____ INFORMATION GIVEN

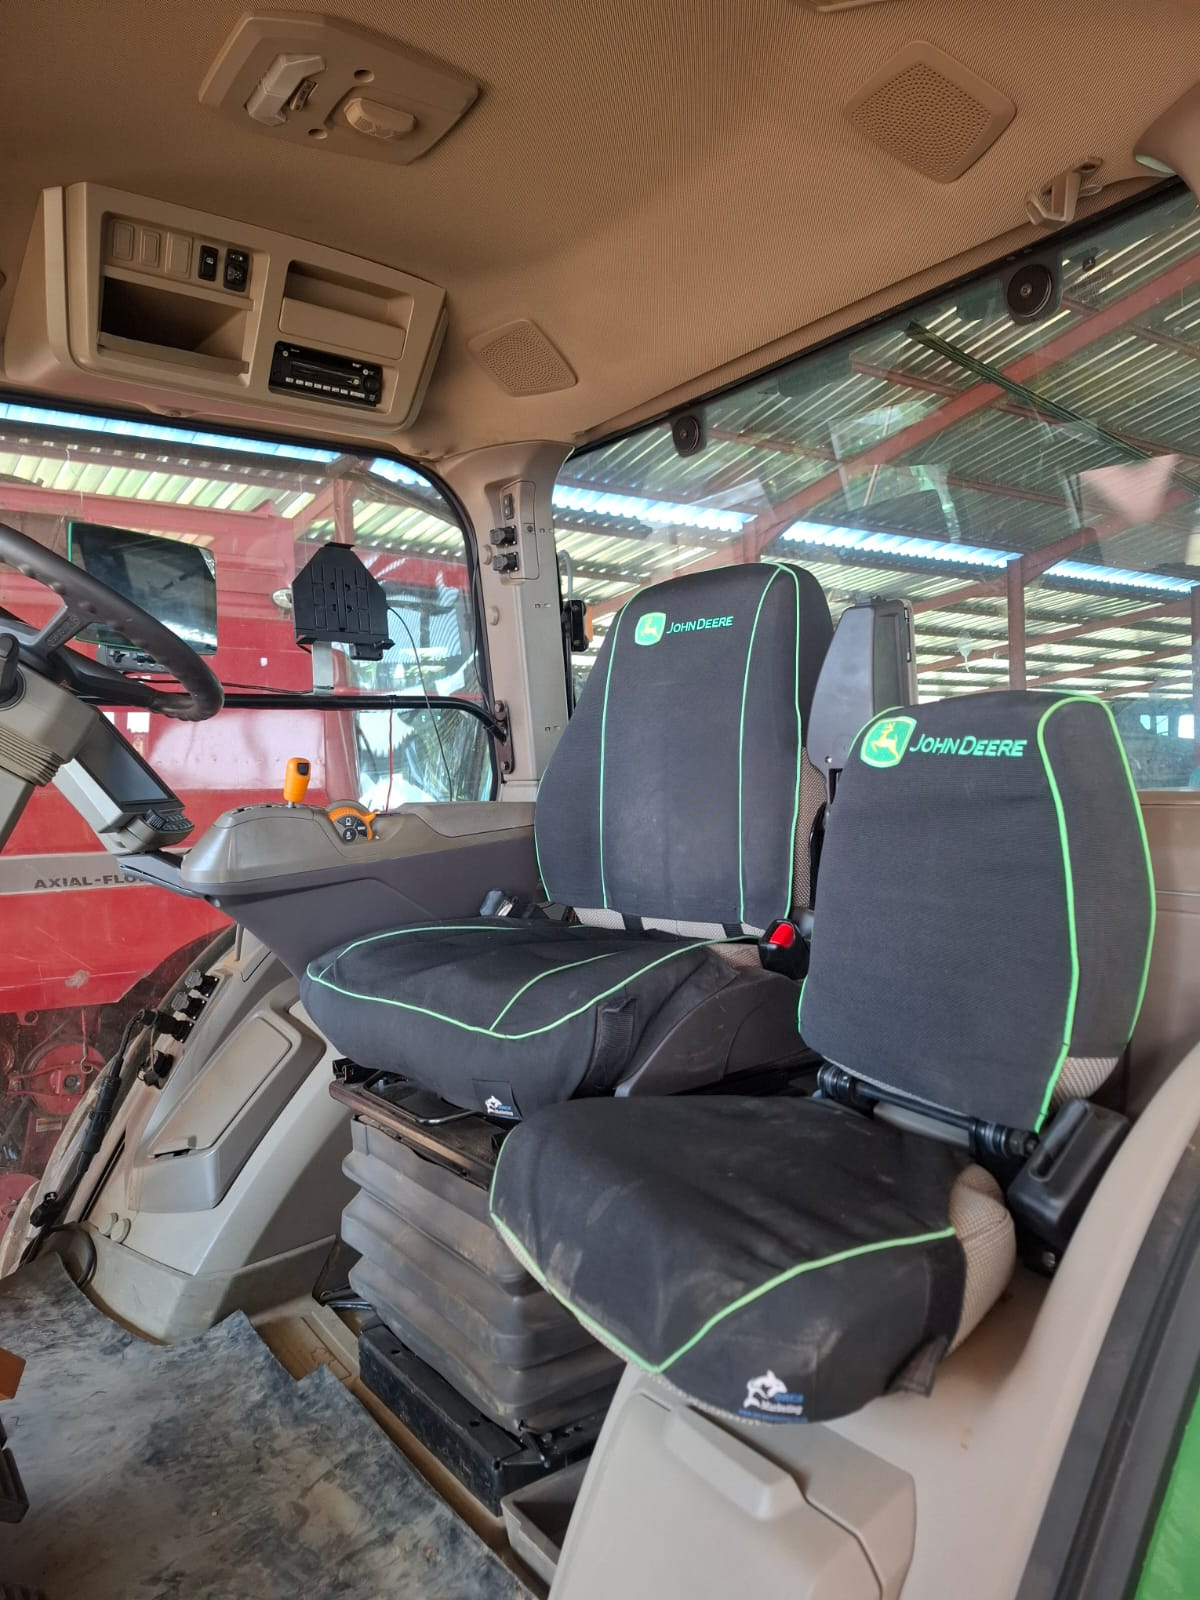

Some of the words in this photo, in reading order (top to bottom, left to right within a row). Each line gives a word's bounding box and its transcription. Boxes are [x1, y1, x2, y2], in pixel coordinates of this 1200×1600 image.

[666, 620, 697, 634] JOHN
[696, 616, 734, 630] DEERE
[909, 733, 961, 755] JOHN
[958, 735, 1028, 757] DEERE
[34, 873, 146, 889] AXIAL-FLO

________

#### WHAT TO PRODUCE
Leaving the pictures out, output the material exactly as it appears.

#### RESULT OF THE TASK
Some of the words in this photo, in reading order (top to bottom, left to right within a row). Each line gives a word's bounding box and its transcription. Boxes are [x1, y1, x2, y2], in pixel coordinates of this 1200×1600 image.

[666, 620, 697, 634] JOHN
[696, 616, 734, 630] DEERE
[909, 733, 961, 755] JOHN
[958, 735, 1028, 757] DEERE
[34, 873, 146, 889] AXIAL-FLO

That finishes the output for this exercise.